WHAT TO WORK ON: Please reproduce the line containing "Some of the text" and every line after it in the records below, exactly and with nothing else.

RECORDS SUPPLIED:
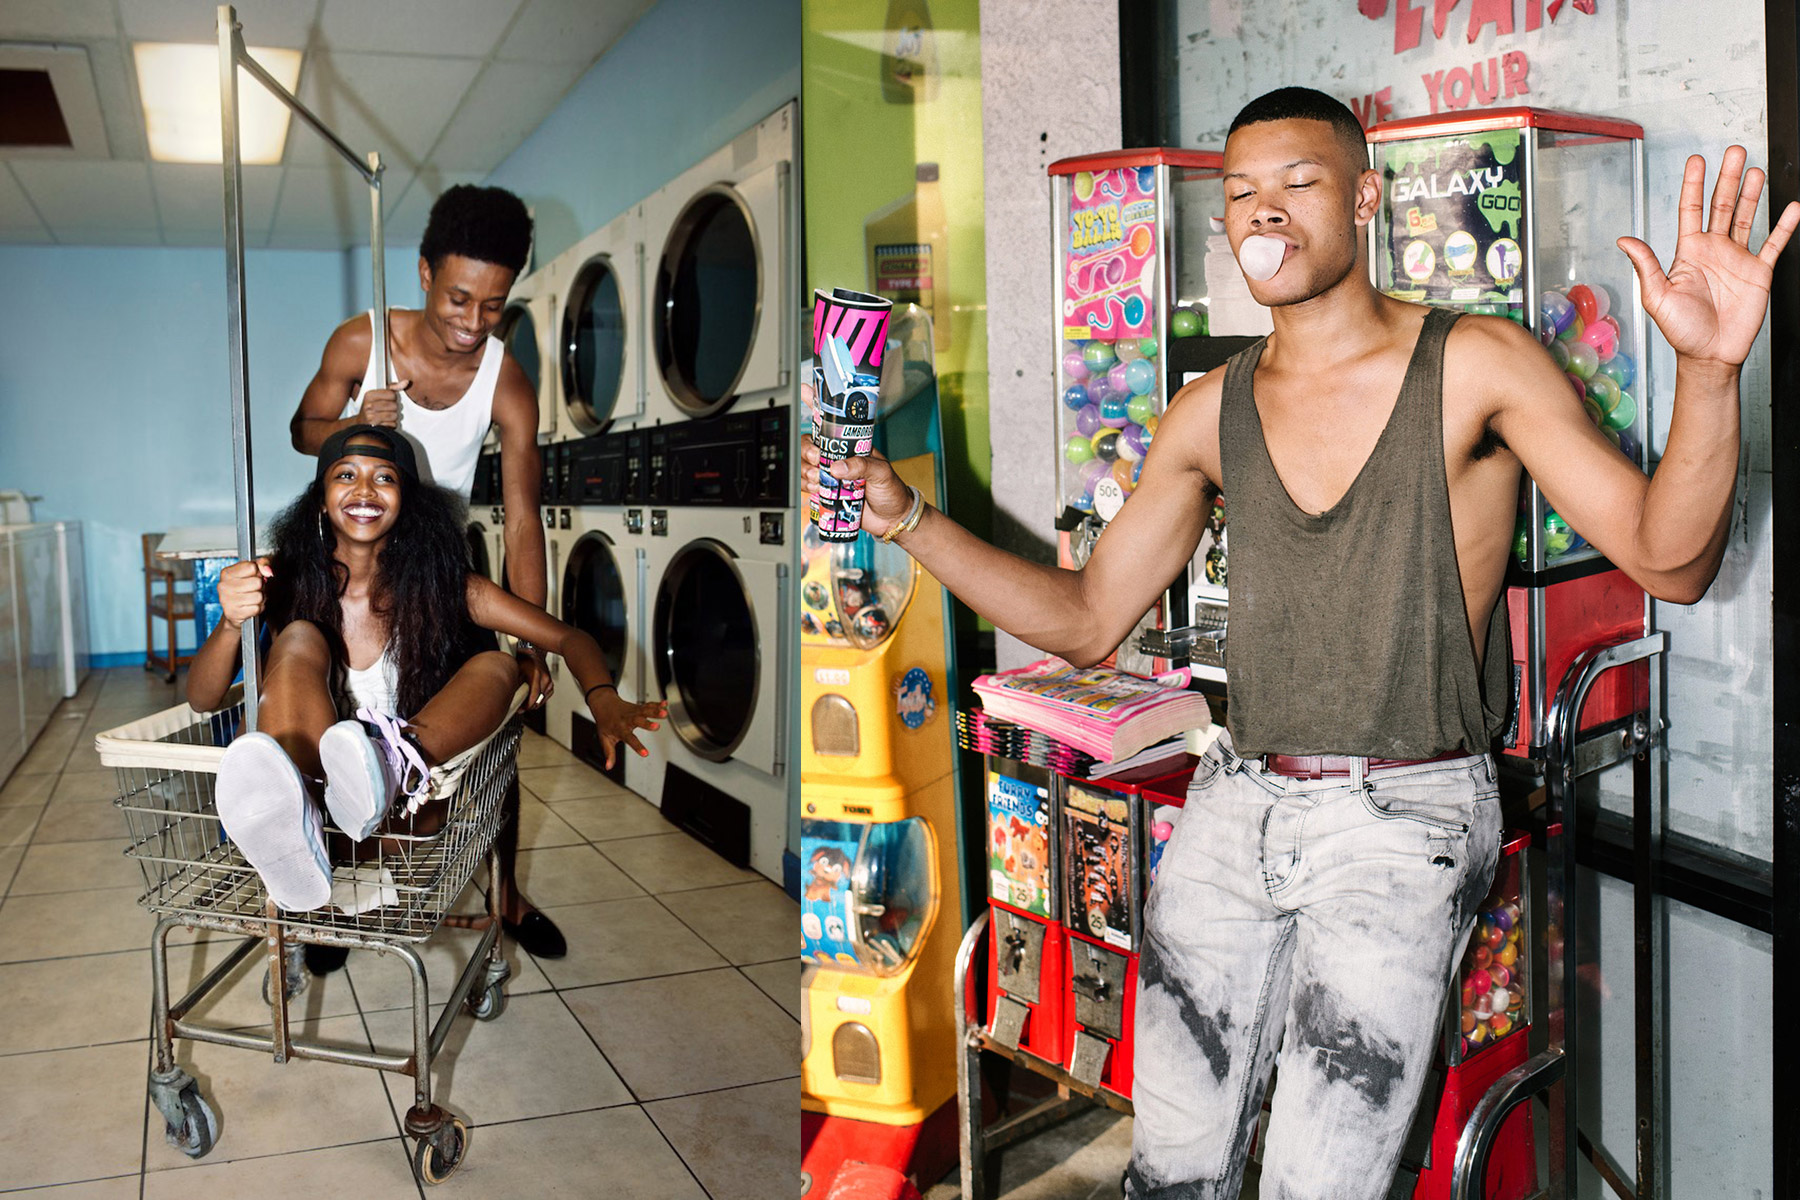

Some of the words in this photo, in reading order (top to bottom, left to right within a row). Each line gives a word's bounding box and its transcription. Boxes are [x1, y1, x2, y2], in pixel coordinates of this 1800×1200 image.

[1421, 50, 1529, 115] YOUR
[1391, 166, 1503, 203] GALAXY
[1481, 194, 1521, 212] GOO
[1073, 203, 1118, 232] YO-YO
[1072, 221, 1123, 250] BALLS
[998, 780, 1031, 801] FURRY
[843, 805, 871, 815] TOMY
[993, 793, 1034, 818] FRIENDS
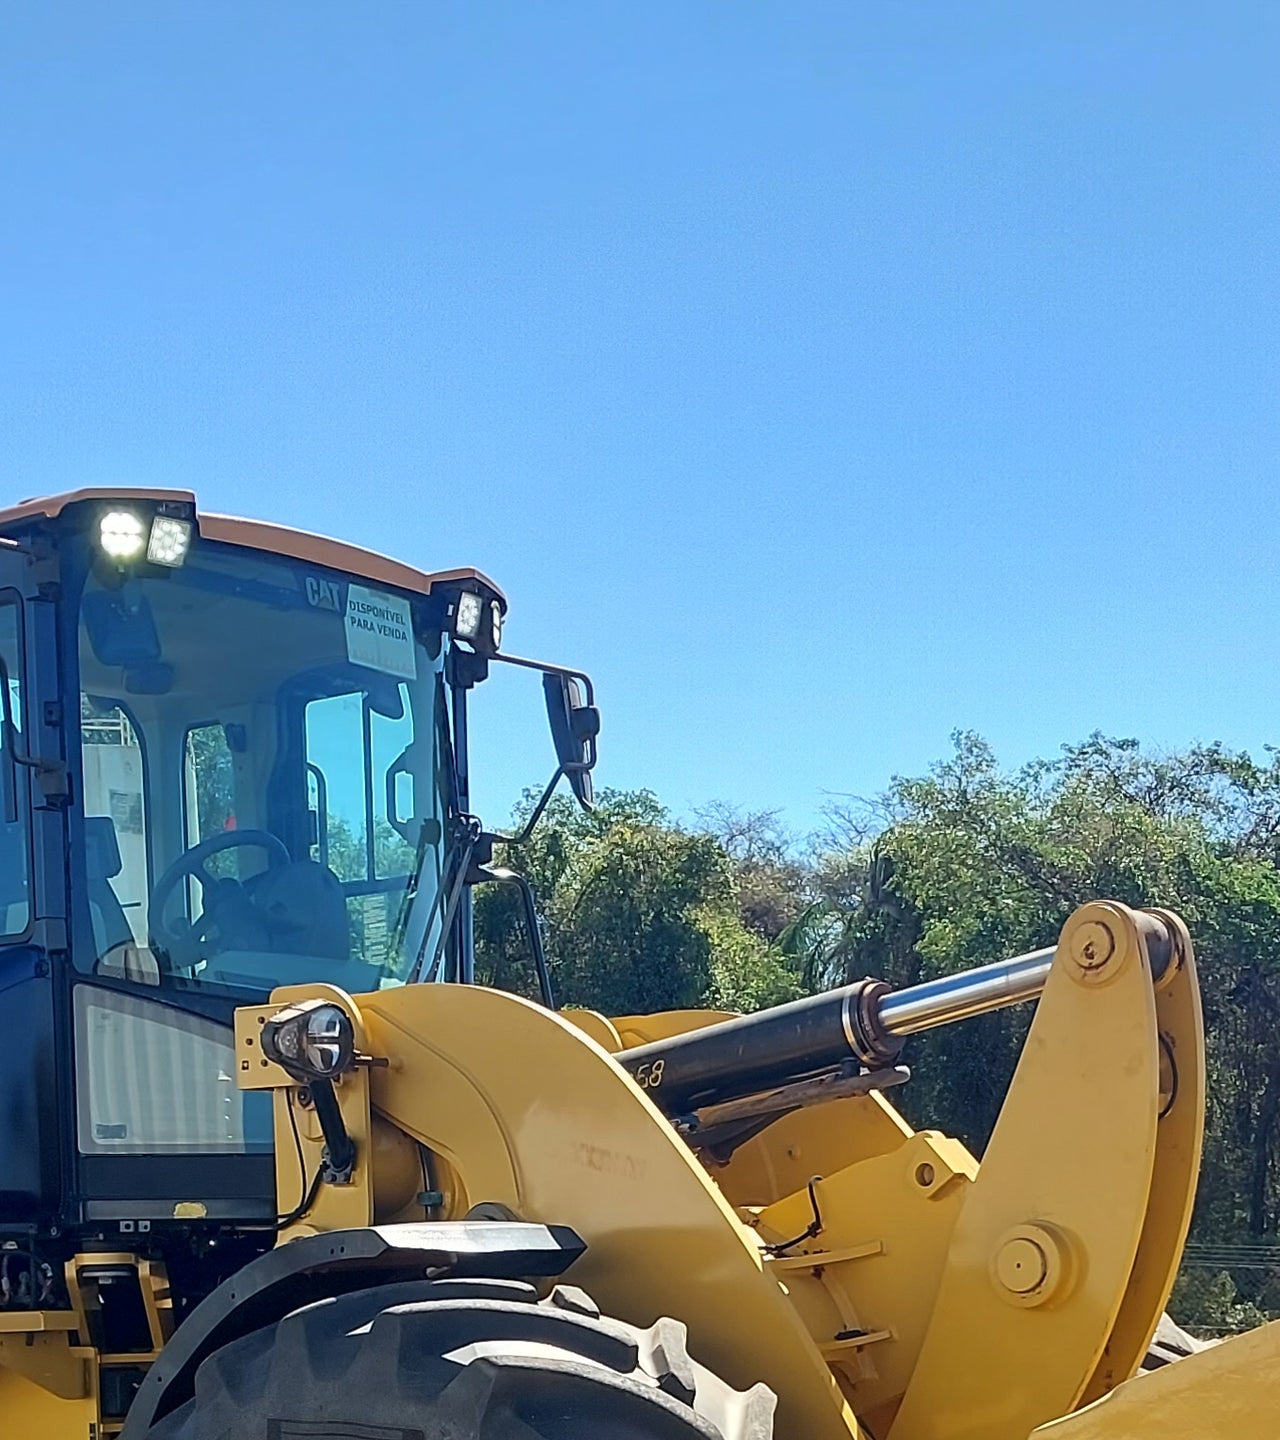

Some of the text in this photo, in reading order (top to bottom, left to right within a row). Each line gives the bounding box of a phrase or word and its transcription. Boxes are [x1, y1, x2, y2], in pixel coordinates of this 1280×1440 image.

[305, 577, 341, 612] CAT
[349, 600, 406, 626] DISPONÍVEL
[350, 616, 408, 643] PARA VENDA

EXERCISE ANSWER:
Some of the text in this photo, in reading order (top to bottom, left to right within a row). Each line gives the bounding box of a phrase or word and its transcription. Boxes are [x1, y1, x2, y2], in pixel coordinates of this 1280×1440 image.

[305, 577, 341, 612] CAT
[349, 600, 406, 626] DISPONÍVEL
[350, 616, 408, 643] PARA VENDA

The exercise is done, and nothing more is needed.